Northwestern and Chicago are no different. Junior linebacker Rejaie Johnson wore No. 48 last season for the Wildcats, the same jersey number once occupied by College Football Hall of Famer Otto Graham, arguably the finest player in the history of the NU program.
Chicago left the Big Ten following the 1939 season and dropped the football program at the intercollegiate level for 30 years. It returned in 1969 and now plays at the Division III level, but that still doesn’t seem to be much of an excuse for not having some sort of formal ceremony to retire jersey No. 99 in honor of Jay Berwanger, the first-ever winner of the Heisman Trophy. At least the Maroons have seen fit not to issue that jersey number in the recent past.
Among the worldwide luminaries celebrating birthdays today: TV actress Katherine Helmond (“Soap,” “Who’s The Boss,” “Everybody Loves Raymond”); rock guitar virtuoso Jaime Robert Klegerman (lots better known as Robbie Robertson); pop singer Huey Lewis; freshly minted Baseball Hall of Fame pitcher Rich “Goose” Gossage; Grammy-winning singer/songwriter Marc Cohn (husband of ABC News correspondent Elizabeth Vargas); Emmy-winning actress Edie Falco (“The Sopranos”); Calvin and Hobbes creator Bill Watterson; actress Kathryn Erbe (Detective Alexandra Eames on “Law and Order: Criminal Intent”); French actress Eva Green (“Casino Royale”); and former Wimbledon champion Amélie Mauresmo.
Also a happy belated birthday to former Ohio State and current New Orleans Saints defensive end Will Smith, who turned 27 yesterday.
** Here is the answer to the trivia question from Thursday. There were actually two correct answers to the Cleveland Browns portion of the question. Head coach Paul Brown and quarterback George Ratterman were the first members of the Browns to appear on the cover of Sports Illustrated. An artist’s rendering of the duo huddling on the sidelines graced the cover of the Oct. 8, 1956 issue. As for the first Cincinnati Bengals on the cover of SI, Brown also holds that distinction. His return to pro football as head man of the Bengals organization was trumpeted on the Aug. 12, 1968 cover.
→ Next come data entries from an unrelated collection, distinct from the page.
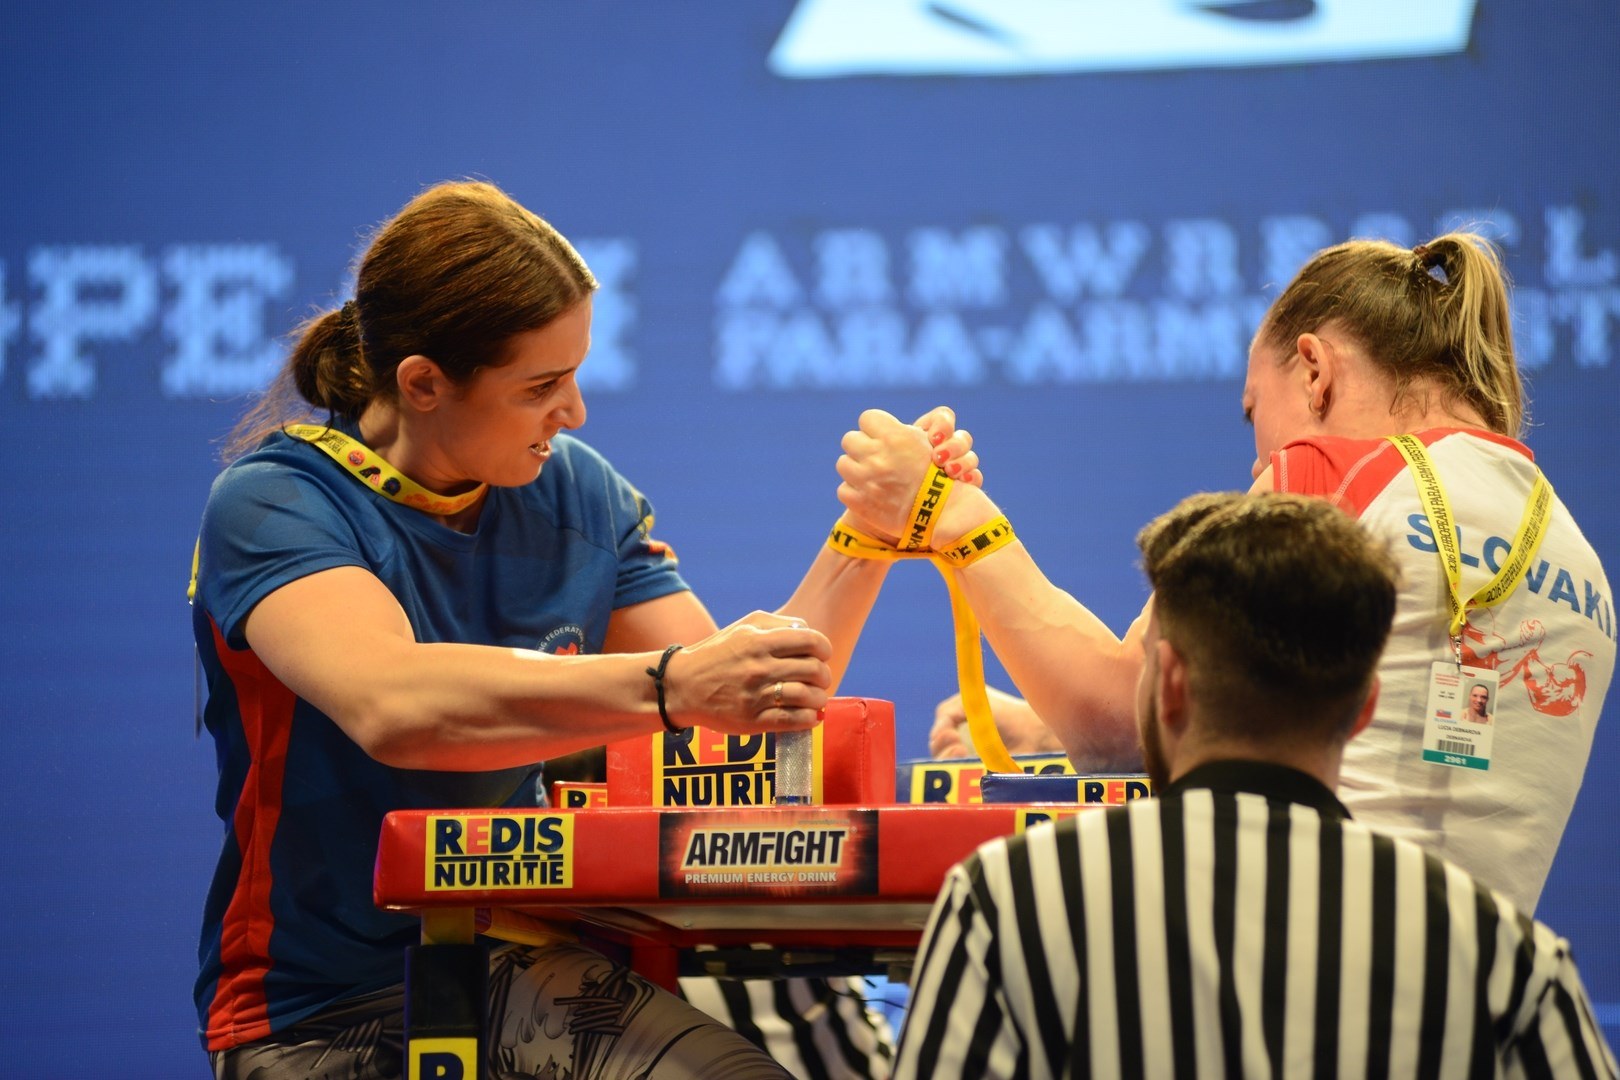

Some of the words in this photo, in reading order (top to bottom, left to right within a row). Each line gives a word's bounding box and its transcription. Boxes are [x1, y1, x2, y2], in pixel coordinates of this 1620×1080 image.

[0, 244, 296, 397] PE
[1433, 508, 1455, 553] EUROPEAN
[1407, 514, 1615, 641] SLOVAKI
[663, 726, 776, 766] REDI
[663, 773, 776, 806] NUTRIT
[1085, 782, 1149, 804] RED
[435, 817, 564, 855] REDIS
[685, 830, 845, 866] ARMFIGHT
[434, 859, 563, 887] NUTRITIE
[685, 873, 743, 884] PREMIUM
[747, 872, 795, 883] ENERGY
[798, 871, 836, 882] DRINK
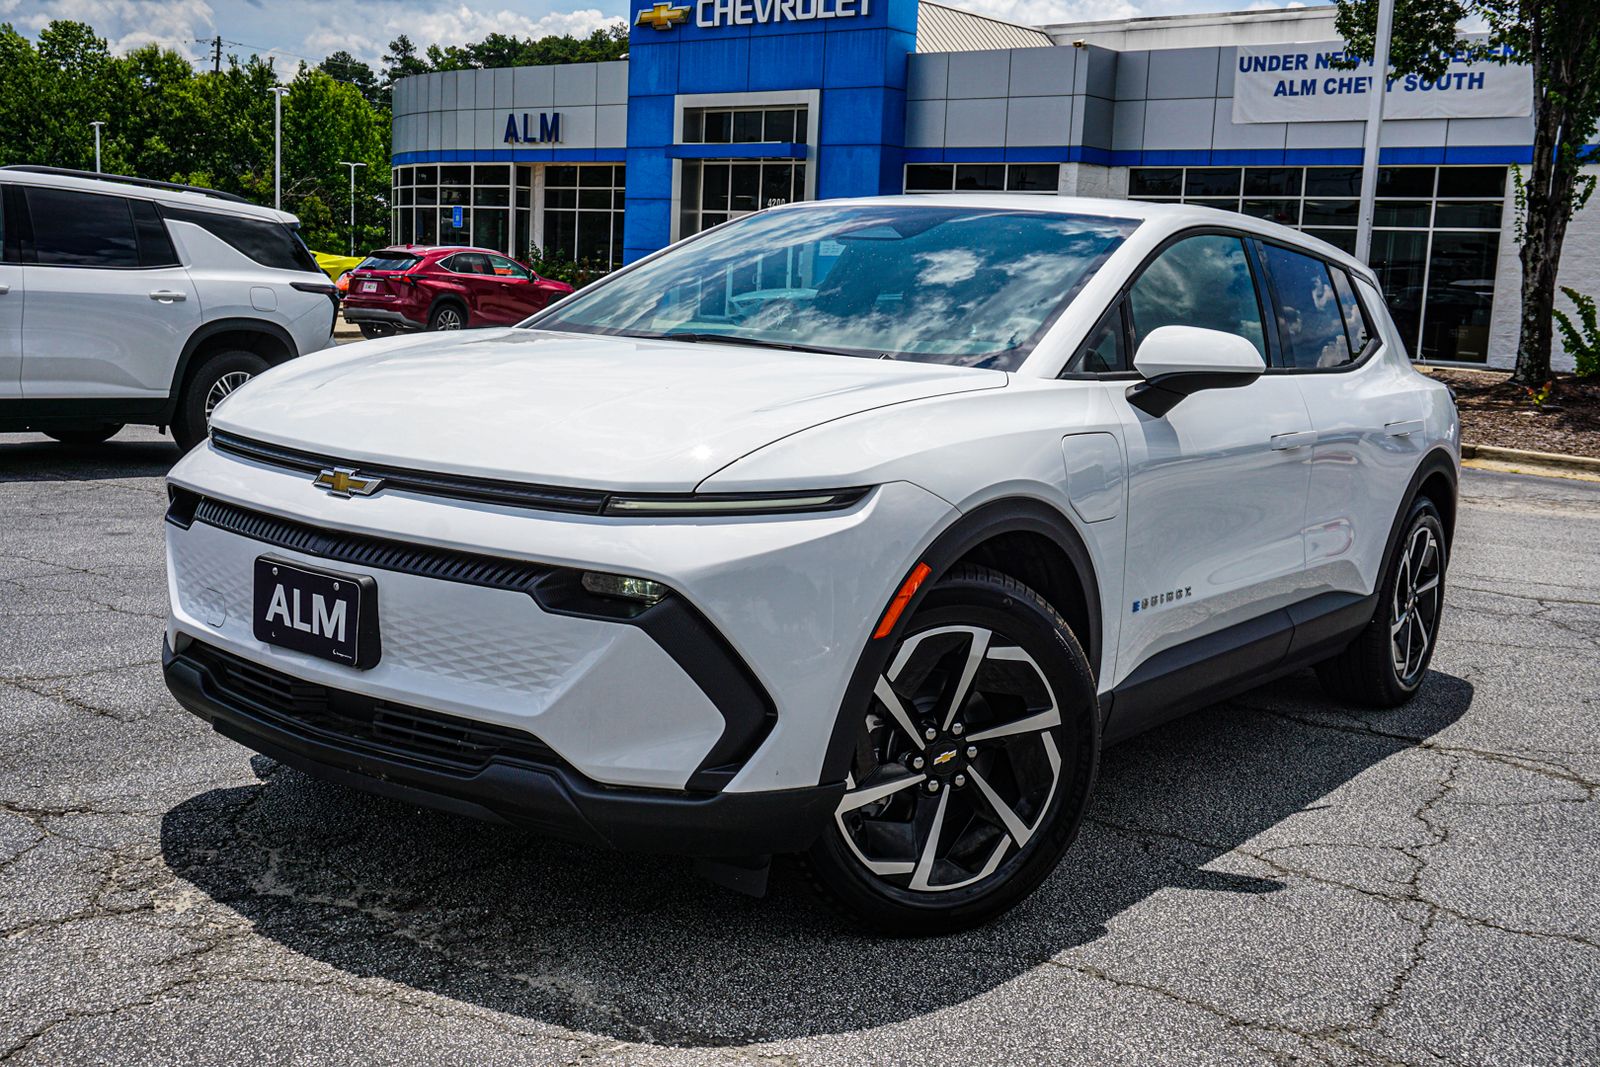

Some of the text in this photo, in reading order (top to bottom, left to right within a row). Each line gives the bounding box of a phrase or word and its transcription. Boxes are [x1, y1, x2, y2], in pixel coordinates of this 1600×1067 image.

** Some athletes will do anything to gain an edge, but this is ridiculous. It seems that some have resorted to using Viagra to improve their performance – athletic performance, that is. Viagra increases the effects of nitric oxide, a common gas in the body. The reasoning is that if the little blue pill can relax muscles and improve blood flow in one part of the body, what not in the rest of the body? The World Anti-Doping Agency is looking into it. And I’m not making this up.
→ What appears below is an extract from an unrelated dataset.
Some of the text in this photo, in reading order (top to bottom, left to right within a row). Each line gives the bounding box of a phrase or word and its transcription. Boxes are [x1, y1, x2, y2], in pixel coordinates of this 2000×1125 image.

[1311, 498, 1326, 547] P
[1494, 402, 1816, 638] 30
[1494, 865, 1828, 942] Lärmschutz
** In a recent blog, CBSSportsline.com college football writer Dennis Dodd referred to Terry Porter, the official who threw the infamous pass interference flag against Miami (Fla.) in 2003 Fiesta Bowl.
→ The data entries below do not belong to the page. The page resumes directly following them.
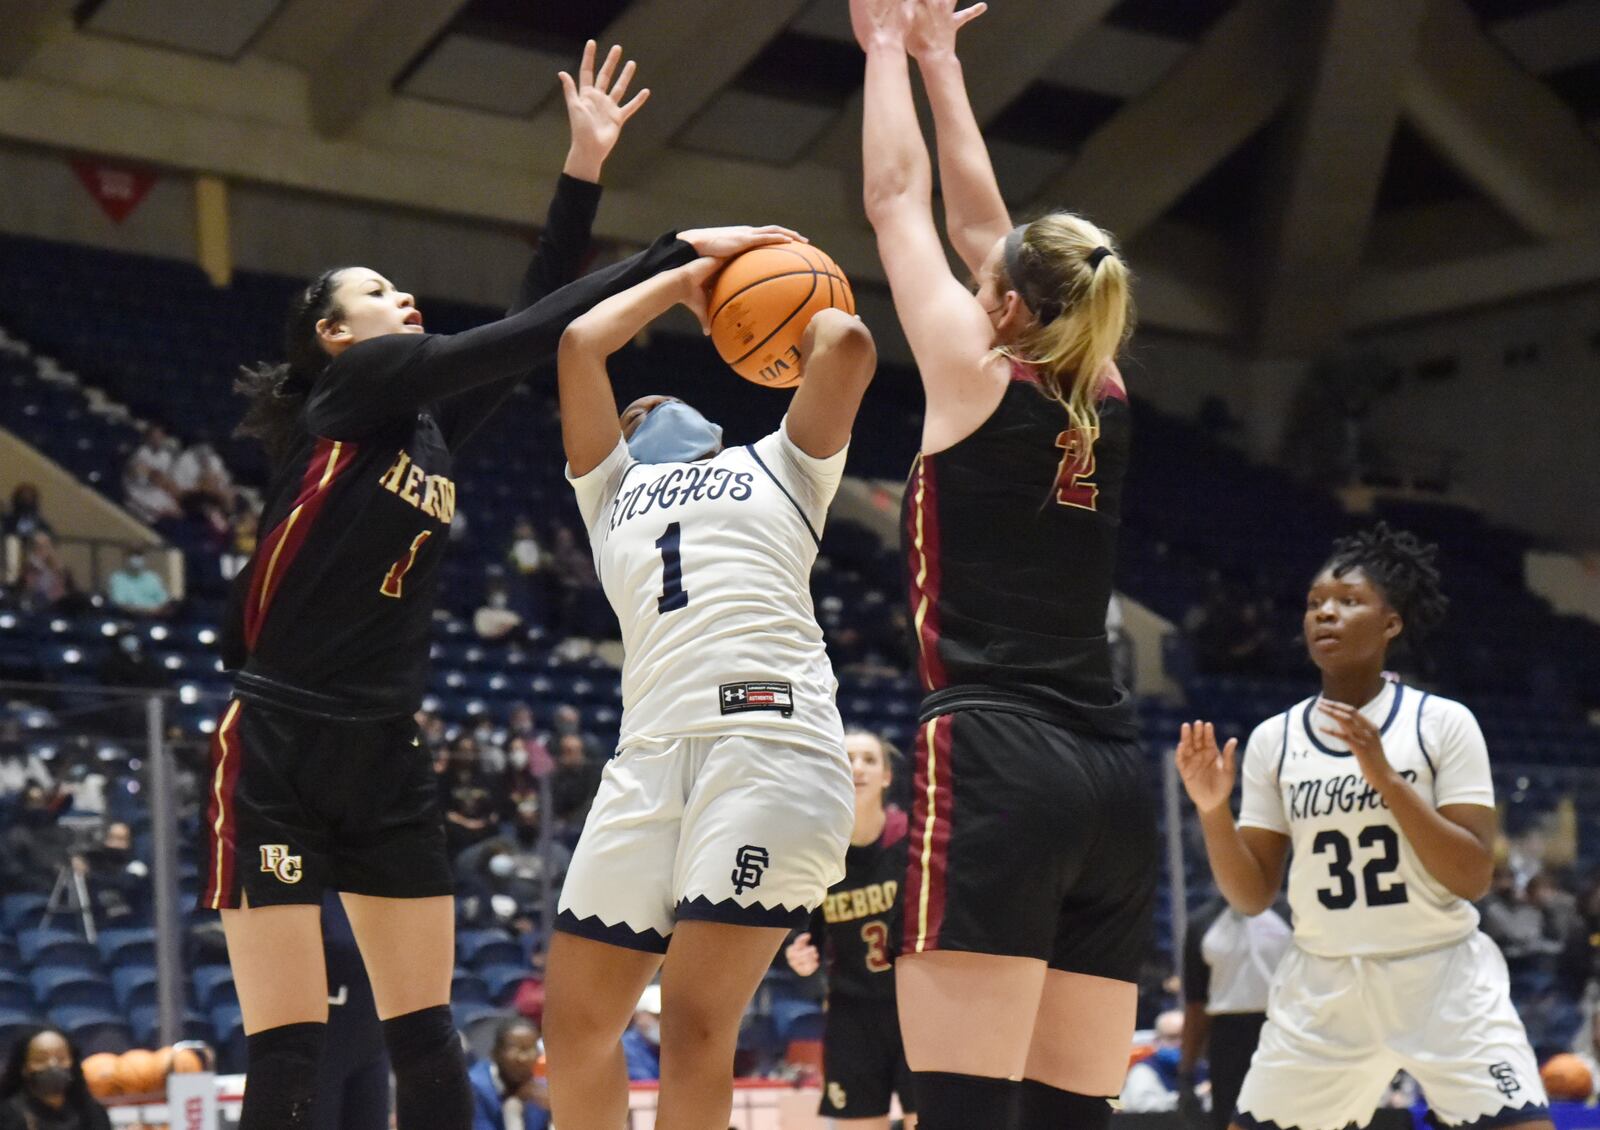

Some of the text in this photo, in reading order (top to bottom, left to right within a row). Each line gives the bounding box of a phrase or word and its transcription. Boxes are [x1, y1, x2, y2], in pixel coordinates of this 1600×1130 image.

[1055, 426, 1100, 512] 2
[379, 530, 433, 599] 1
[655, 521, 689, 615] 1
[1289, 769, 1418, 821] KNIGH
[731, 844, 769, 896] SF
[1312, 824, 1409, 911] 32
[861, 920, 892, 973] 3
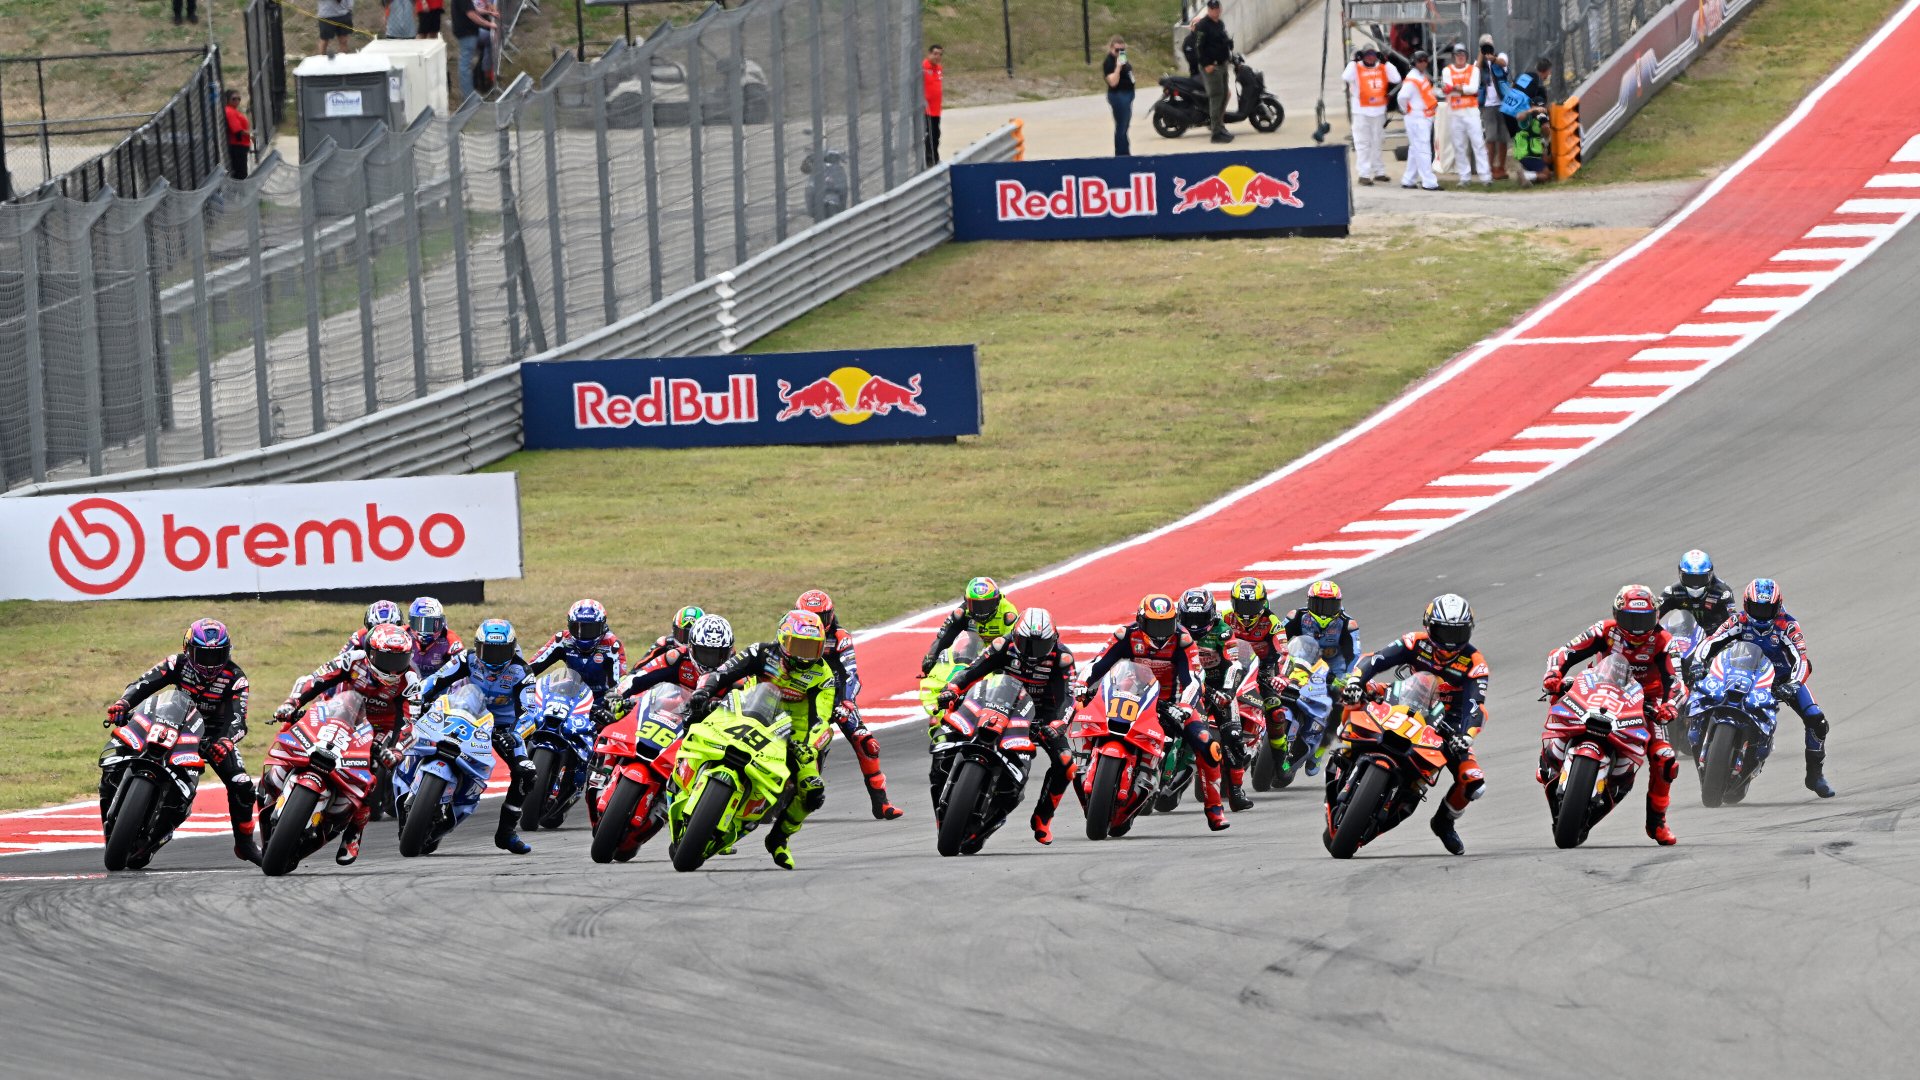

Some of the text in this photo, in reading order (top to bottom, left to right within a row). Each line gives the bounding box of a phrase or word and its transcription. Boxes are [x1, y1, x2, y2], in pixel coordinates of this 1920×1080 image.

More than five years later, Miami fans are still holding a grudge as evidenced by one of the responses to the entry: “I will not forgive Terry Porter, and Dodd has no right to tell me otherwise. I am a disgruntled Miami fan, and I will never forget that unwarranted flag. Why did he even have to bring up such an incidence? No reason to make the outrage return…” Forget for a moment that replays clearly show Porter made the right call. Even if you can’t accept that fact, understand that pass interference is often a spur-of-the-moment judgment call. And then, by all means, get over it.
** Dodd’s blog deals with a test for football officials. You can take it for yourself and see how you do by following this link: USA Football Officiating Test.
** I leave you with this thought as we celebrate the Fourth of July weekend: “This nation will remain the land of the free only so long as it is the home of the brave.” To all of the U.S. troops throughout the world serving in harm’s way, stay safe and thank you.